> **Material for the task**:
- - - -
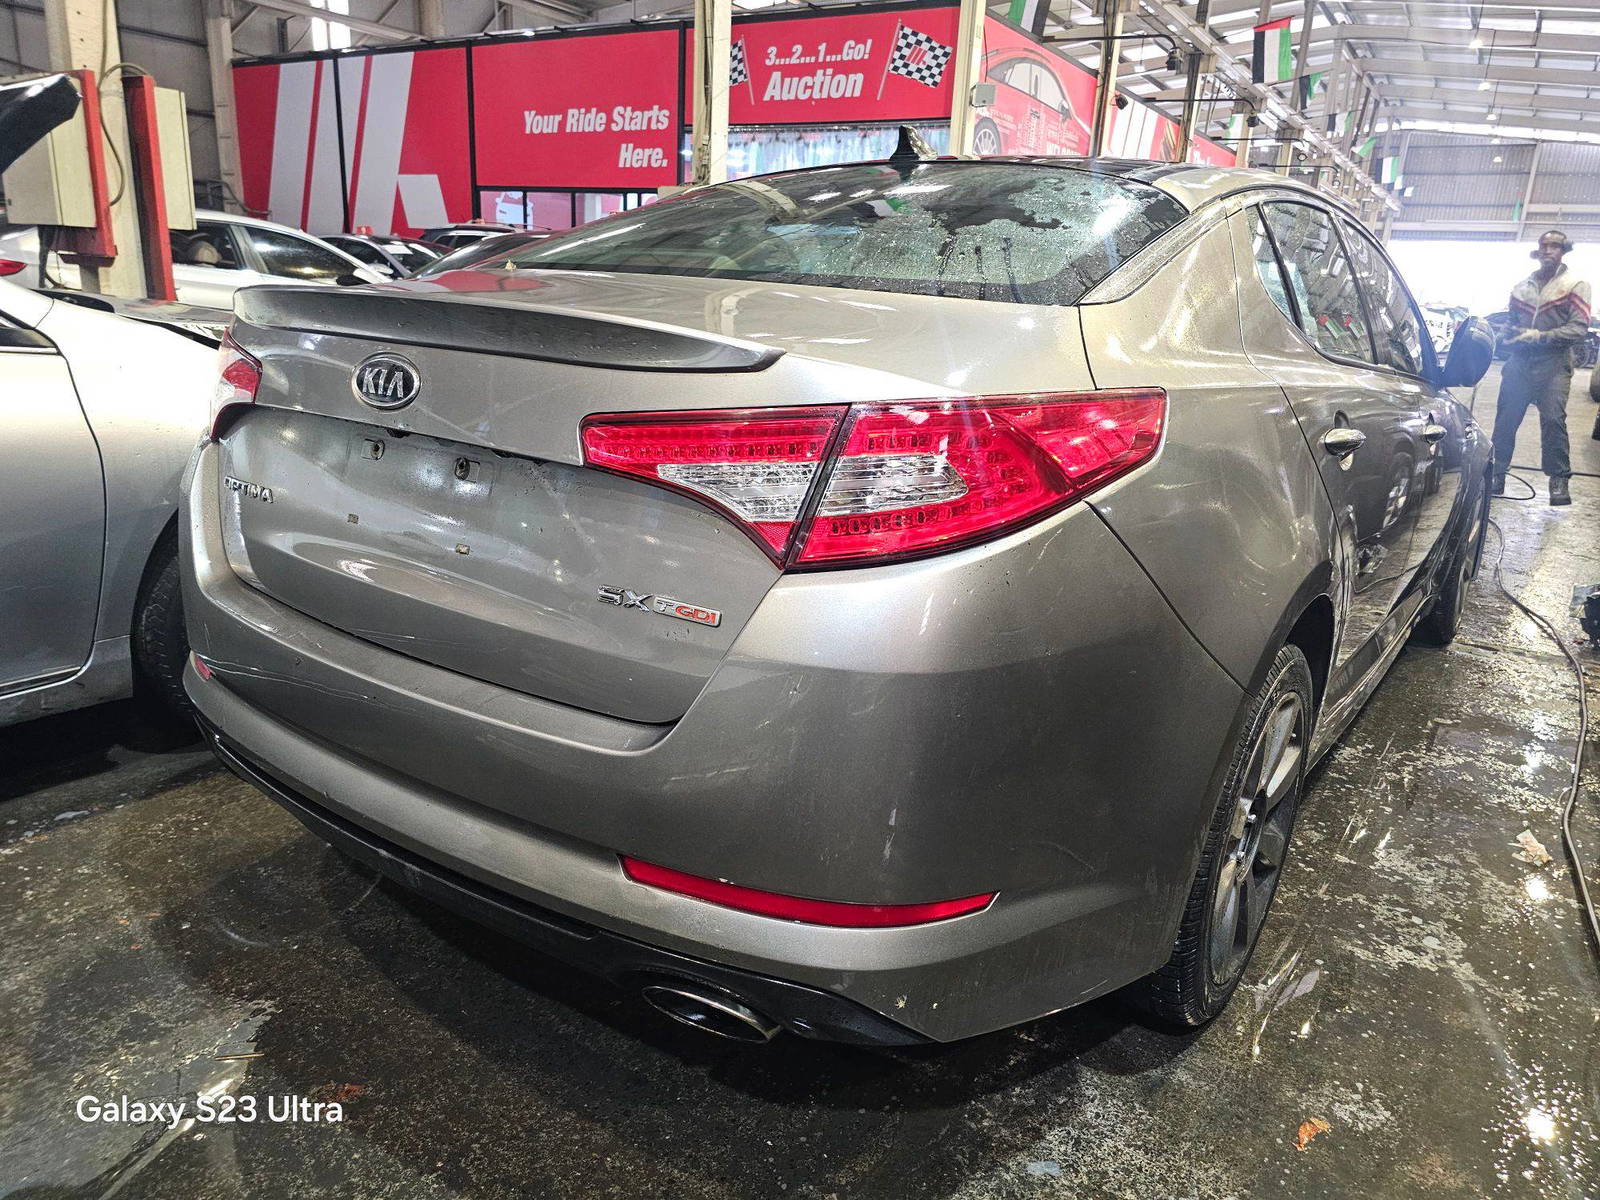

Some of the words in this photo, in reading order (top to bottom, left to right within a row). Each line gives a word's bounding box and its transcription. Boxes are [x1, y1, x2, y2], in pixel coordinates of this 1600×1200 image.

[763, 69, 864, 102] Auction
[523, 110, 562, 134] Your
[565, 107, 606, 132] Ride
[611, 105, 670, 131] Starts
[618, 144, 669, 169] Here.
[362, 366, 404, 399] KIA
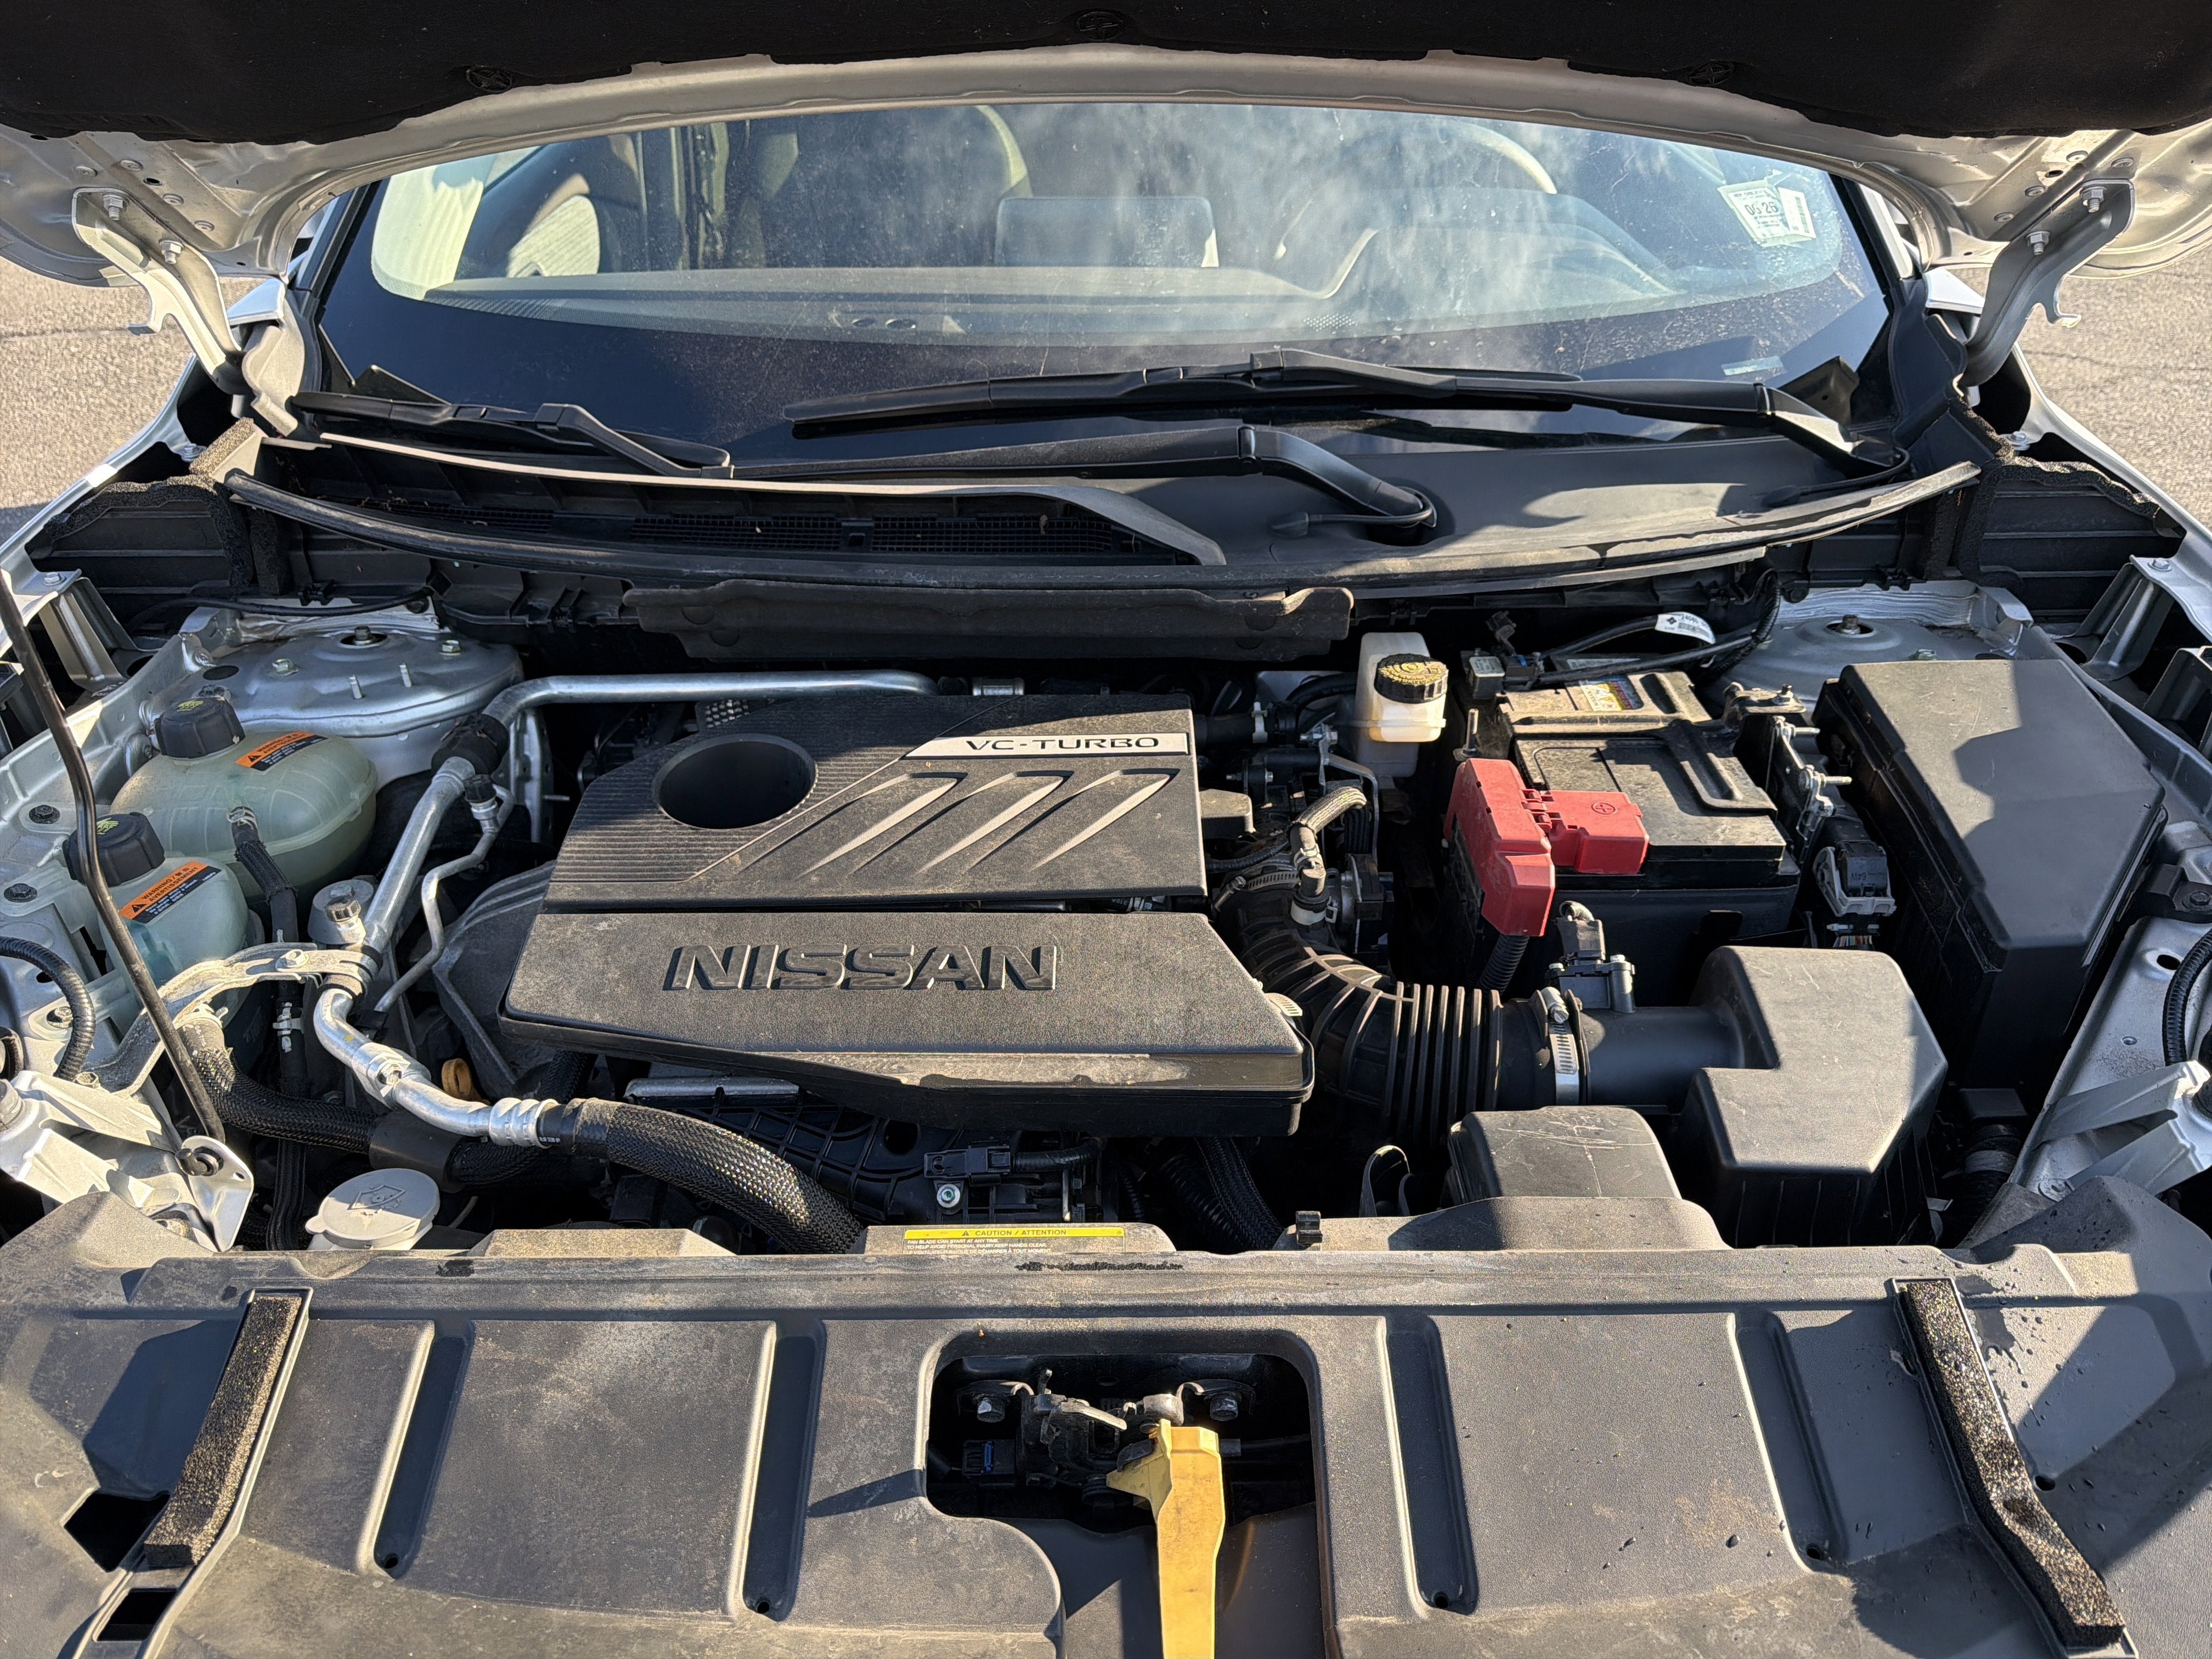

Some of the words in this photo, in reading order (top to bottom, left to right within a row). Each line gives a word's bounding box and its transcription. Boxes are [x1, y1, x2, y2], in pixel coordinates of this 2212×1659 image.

[966, 737, 1159, 751] VC-TURBO
[142, 878, 173, 900] WARNING
[662, 944, 1057, 991] NISSAN
- - - -
> **Your objective**: Write out the lines above exactly, but only from the one containing "this 2212×1659 image." through the last one.

> **Finished task**:
Some of the words in this photo, in reading order (top to bottom, left to right within a row). Each line gives a word's bounding box and its transcription. Boxes are [x1, y1, x2, y2], in pixel coordinates of this 2212×1659 image.

[966, 737, 1159, 751] VC-TURBO
[142, 878, 173, 900] WARNING
[662, 944, 1057, 991] NISSAN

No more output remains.